→ What you need to do: Print again, word for word, all of the records below, and leave the pictures out.

***** Data for analysis

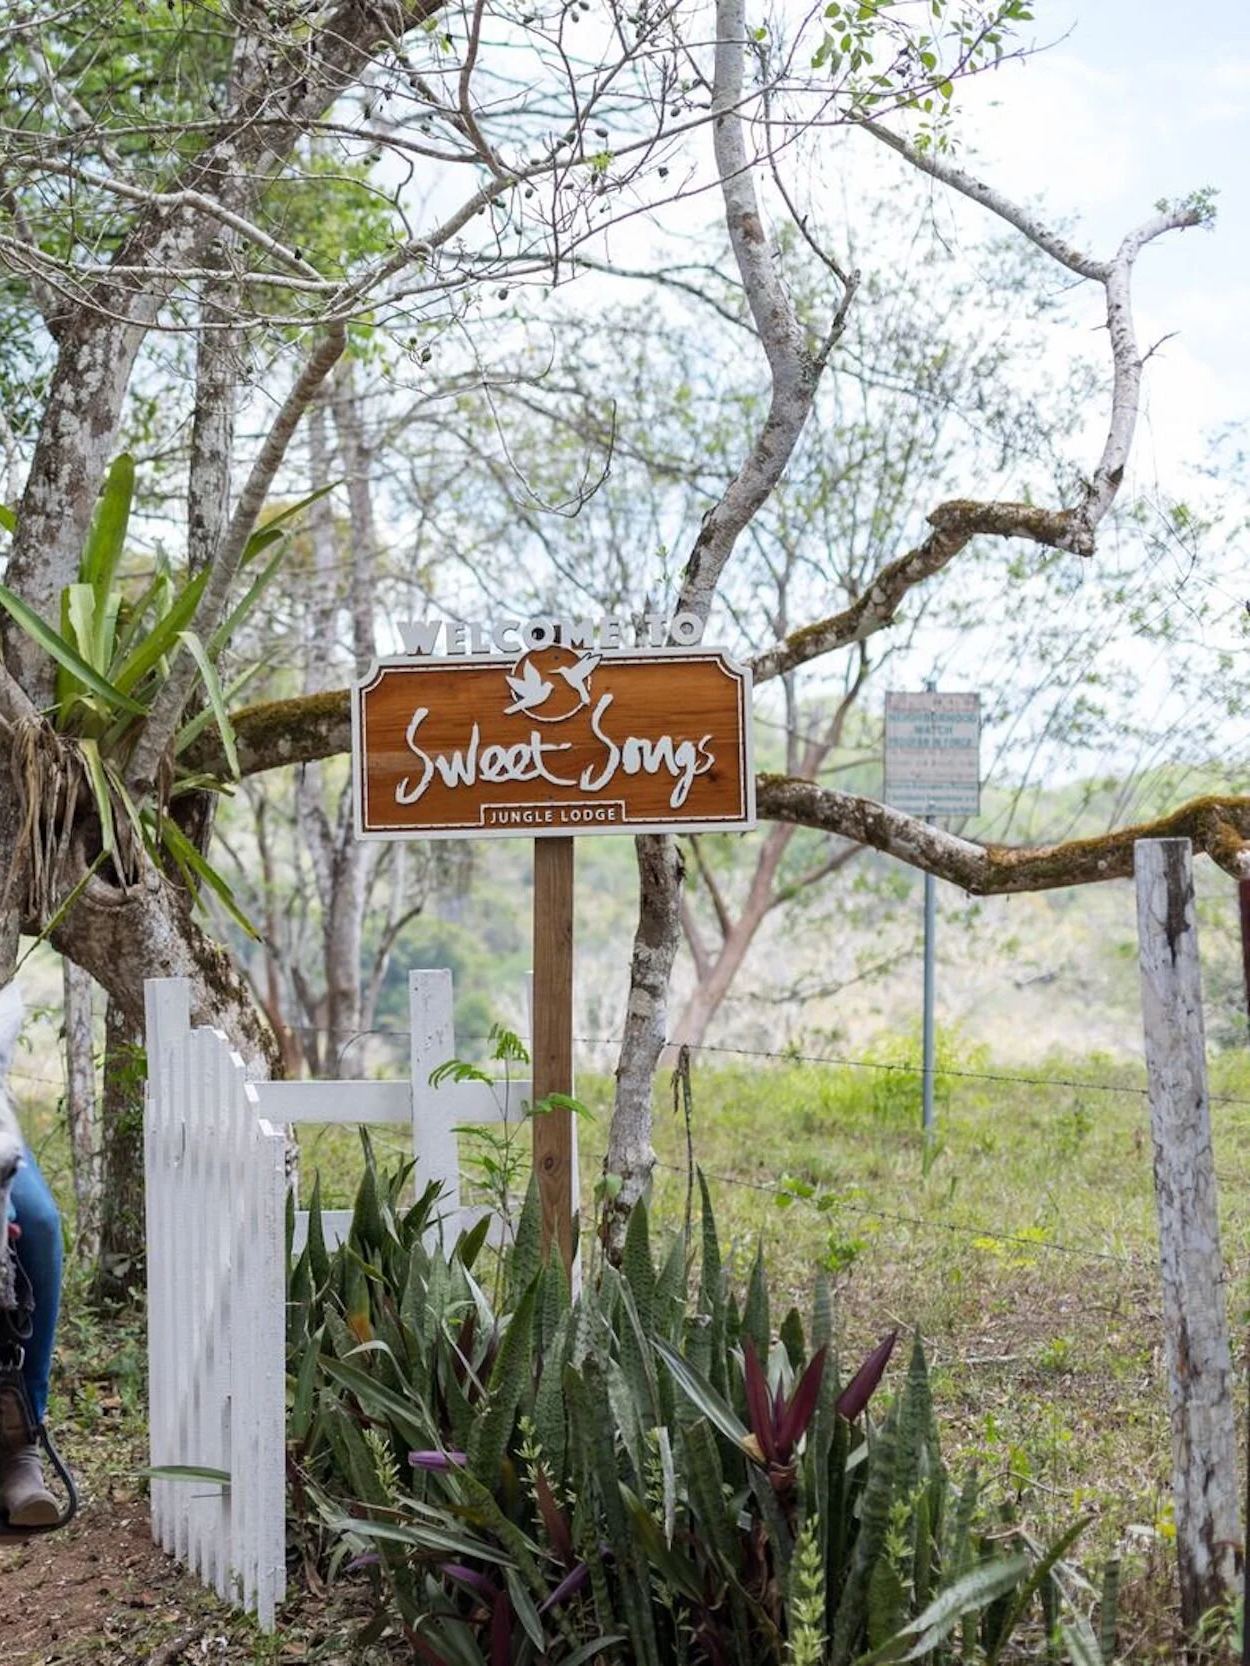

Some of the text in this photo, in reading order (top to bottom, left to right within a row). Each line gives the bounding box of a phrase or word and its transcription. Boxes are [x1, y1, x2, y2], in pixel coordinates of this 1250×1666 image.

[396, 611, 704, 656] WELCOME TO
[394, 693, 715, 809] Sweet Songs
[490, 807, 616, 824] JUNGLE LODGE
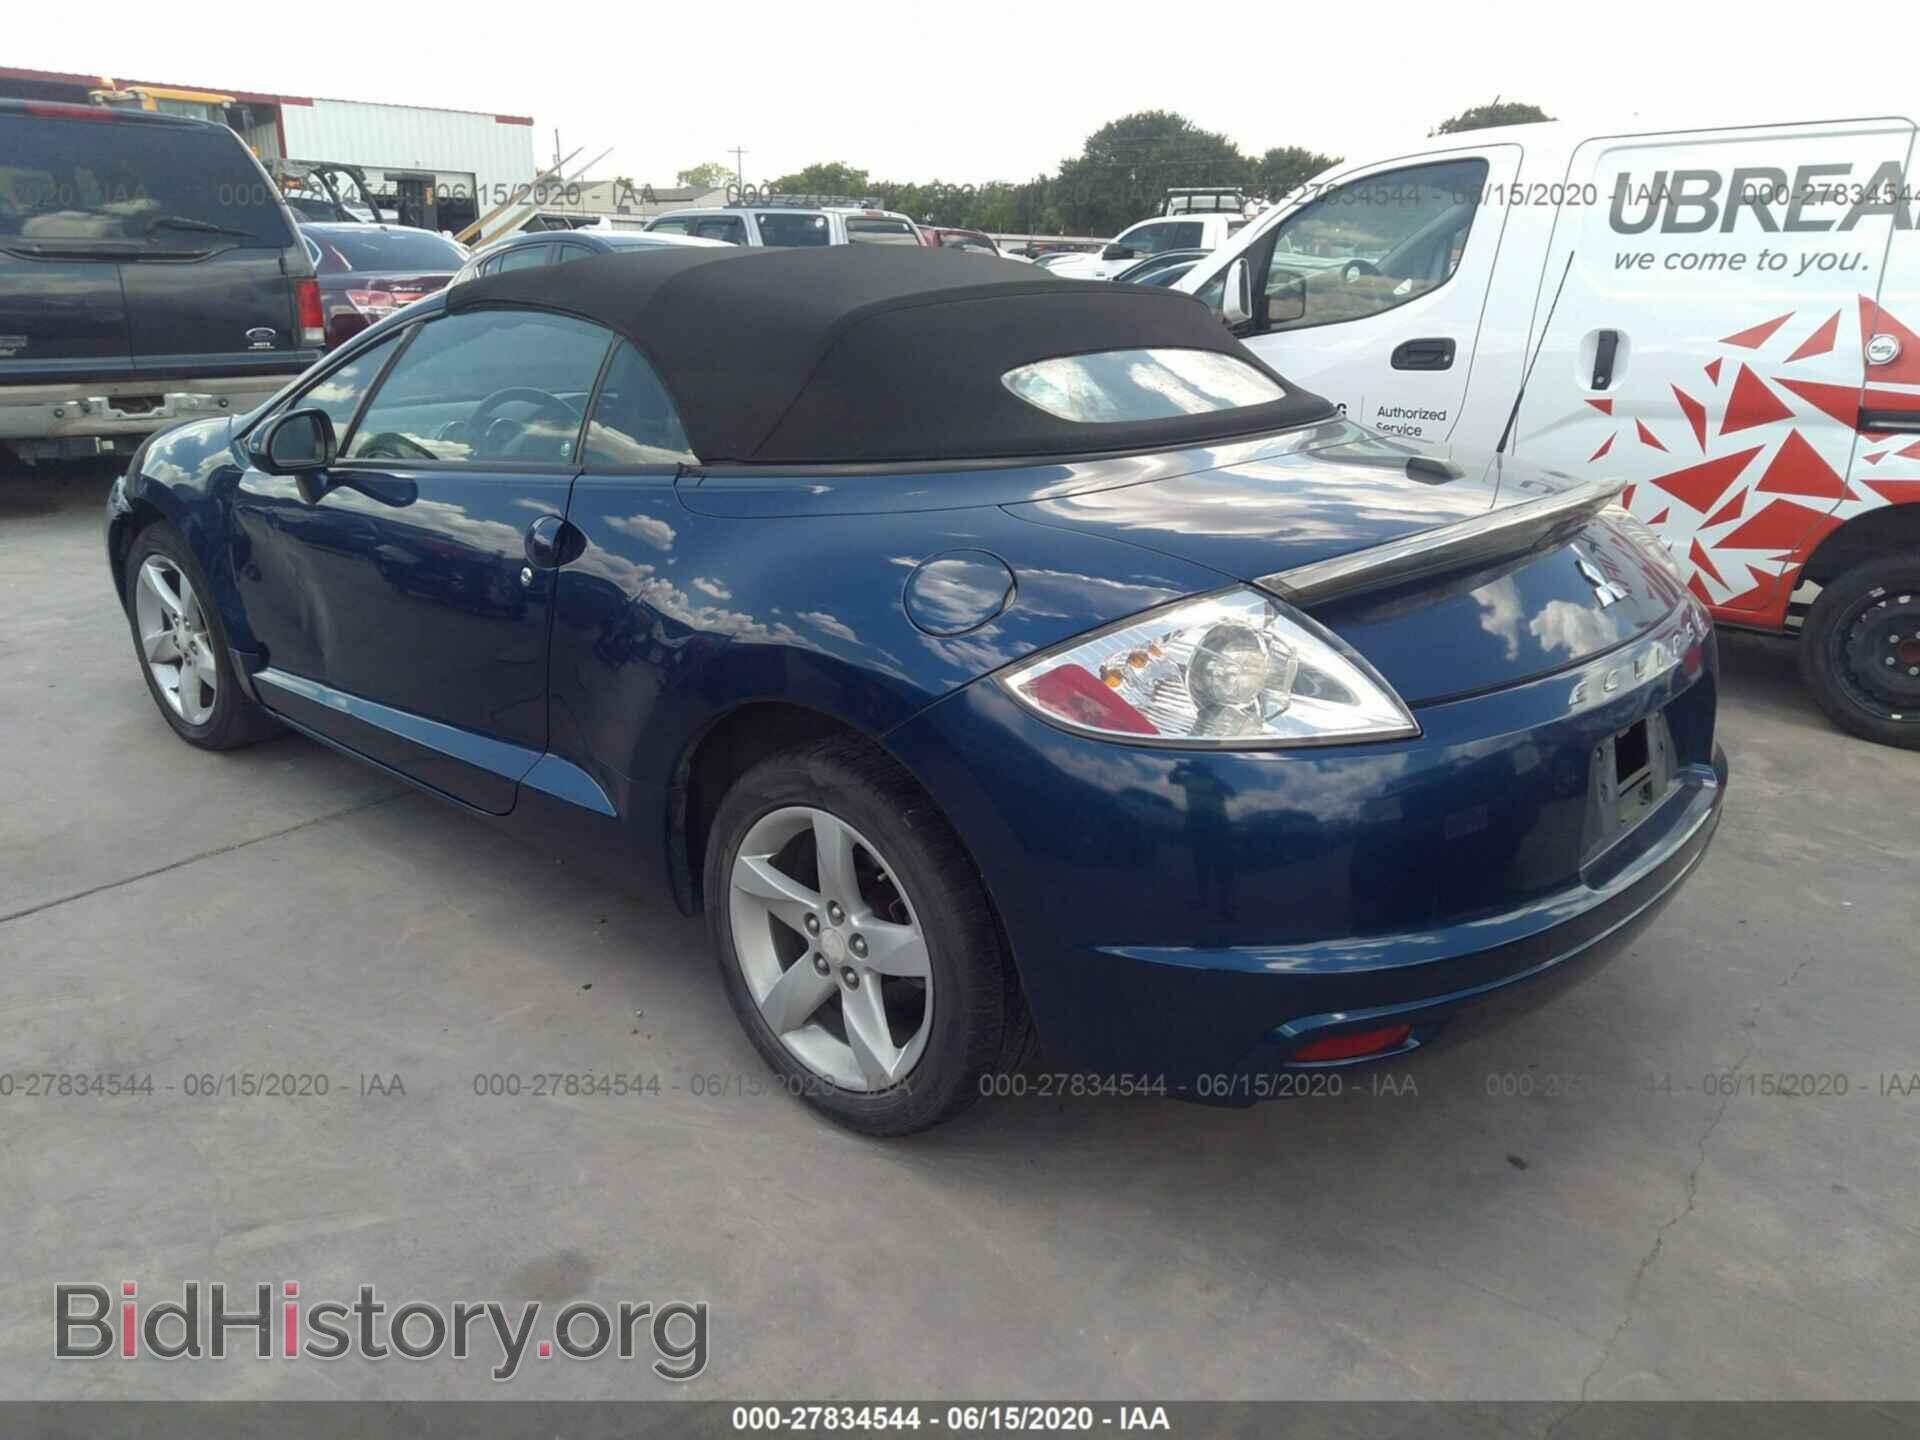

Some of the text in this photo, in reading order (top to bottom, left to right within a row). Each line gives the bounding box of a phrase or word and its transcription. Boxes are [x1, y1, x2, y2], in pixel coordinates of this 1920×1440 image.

**********

→ Exercise response:
Some of the text in this photo, in reading order (top to bottom, left to right within a row). Each line gives the bounding box of a phrase or word and its transcription. Boxes are [x1, y1, x2, y2], in pixel coordinates of this 1250×1666 image.

[396, 611, 704, 656] WELCOME TO
[394, 693, 715, 809] Sweet Songs
[490, 807, 616, 824] JUNGLE LODGE

Some of the text in this photo, in reading order (top to bottom, left to right within a row). Each line gives the bounding box of a phrase or word and its transcription. Boxes are [x1, y1, x2, y2], in pixel coordinates of this 1920×1440 image.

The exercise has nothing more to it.